Data supplied START

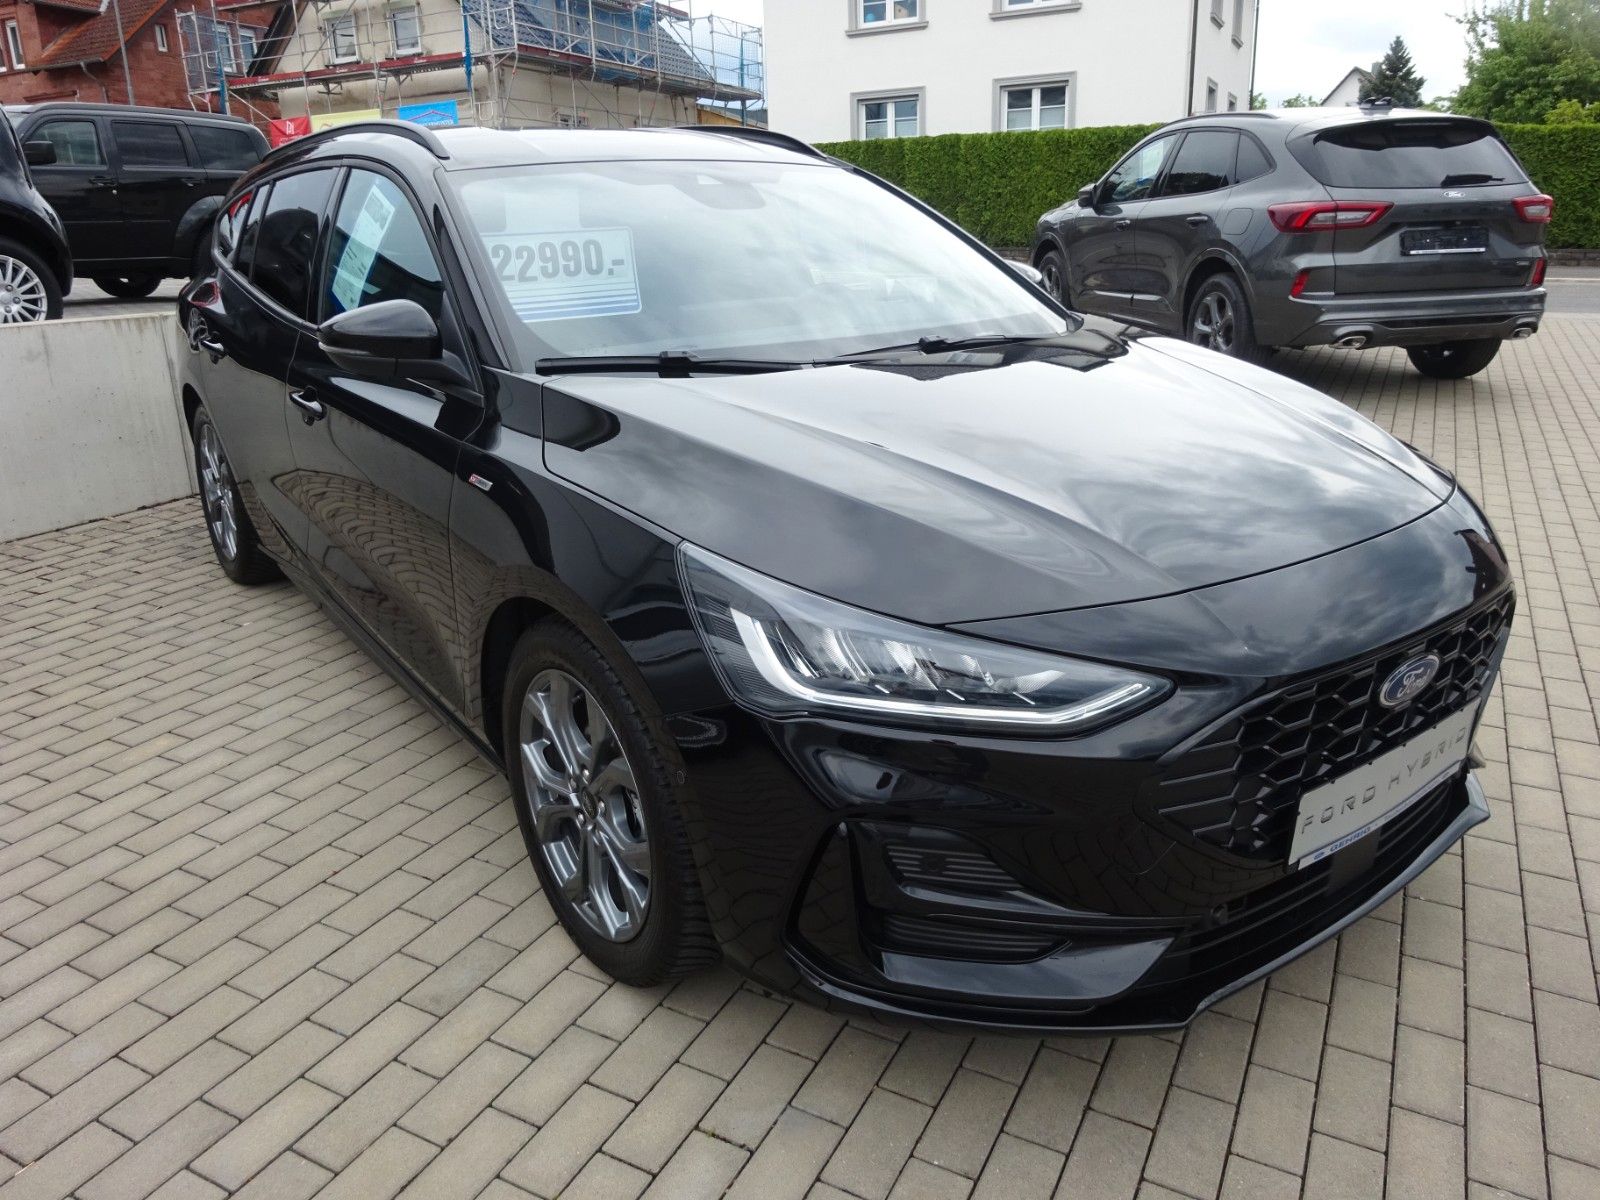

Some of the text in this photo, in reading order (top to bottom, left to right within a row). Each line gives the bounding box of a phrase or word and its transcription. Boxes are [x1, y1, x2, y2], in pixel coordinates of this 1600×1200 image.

[491, 238, 625, 283] 22990.-
[1396, 666, 1431, 698] Ford
[1301, 785, 1377, 835] FORD
[1387, 726, 1467, 791] HYBRID

Data supplied END

_What you need to do:_ Exact repetition of each line above is expected; images are to be omitted.

_Answer below:_
Some of the text in this photo, in reading order (top to bottom, left to right within a row). Each line gives the bounding box of a phrase or word and its transcription. Boxes are [x1, y1, x2, y2], in pixel coordinates of this 1600×1200 image.

[491, 238, 625, 283] 22990.-
[1396, 666, 1431, 698] Ford
[1301, 785, 1377, 835] FORD
[1387, 726, 1467, 791] HYBRID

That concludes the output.